What skills will remain valid for the next generation?
What skills will remain valid for the next generation?At the rate of knowledge expansion and technological advances, if we went to sleep for 5 years and suddenly woke up, our day would be a challenge. Technologies, sciences, trends are mutating so rapidly that what we know how to do will be obsolete progressively at a more accelerated rate. However, the mind- body set up, our character and our social- emotional skills will continue to serve us well. Skills that will sustain students have more to do with character than facts. That’s why Social Emotional Learning must become a part of curriculum.

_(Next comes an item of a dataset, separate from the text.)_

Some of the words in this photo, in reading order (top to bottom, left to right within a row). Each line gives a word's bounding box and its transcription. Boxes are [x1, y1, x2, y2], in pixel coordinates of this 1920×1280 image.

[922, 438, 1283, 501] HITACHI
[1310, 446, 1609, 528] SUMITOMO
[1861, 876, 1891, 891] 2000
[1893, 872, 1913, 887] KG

Social Emotional Learning is the foundation for all other learning. Teaching students to regulate emotions and work together makes it possible to learn well. From the beginning, the American educational system was seen as the great equalizer so that diverse immigrant populations could learn a common language, break down culture barriers and create literate American citizens. Now the best practices in education have evolved to include the neuro-science of learning and the benefits that result from creating a positive social climate. Educational Leaders have recommended that we move from a presentation of facts and subsequent skill practice to the recognition that subjects must be meaningful, relevant to the community, and that personal engagement is required to learn.
We can no longer afford to be a competitive society where some win at the expense of others. In order to have respect for diversity, and combine their talents, students must understand themselves, empathize with others, and collaborate. S.E.L is the science of creating a transformational environment for our students.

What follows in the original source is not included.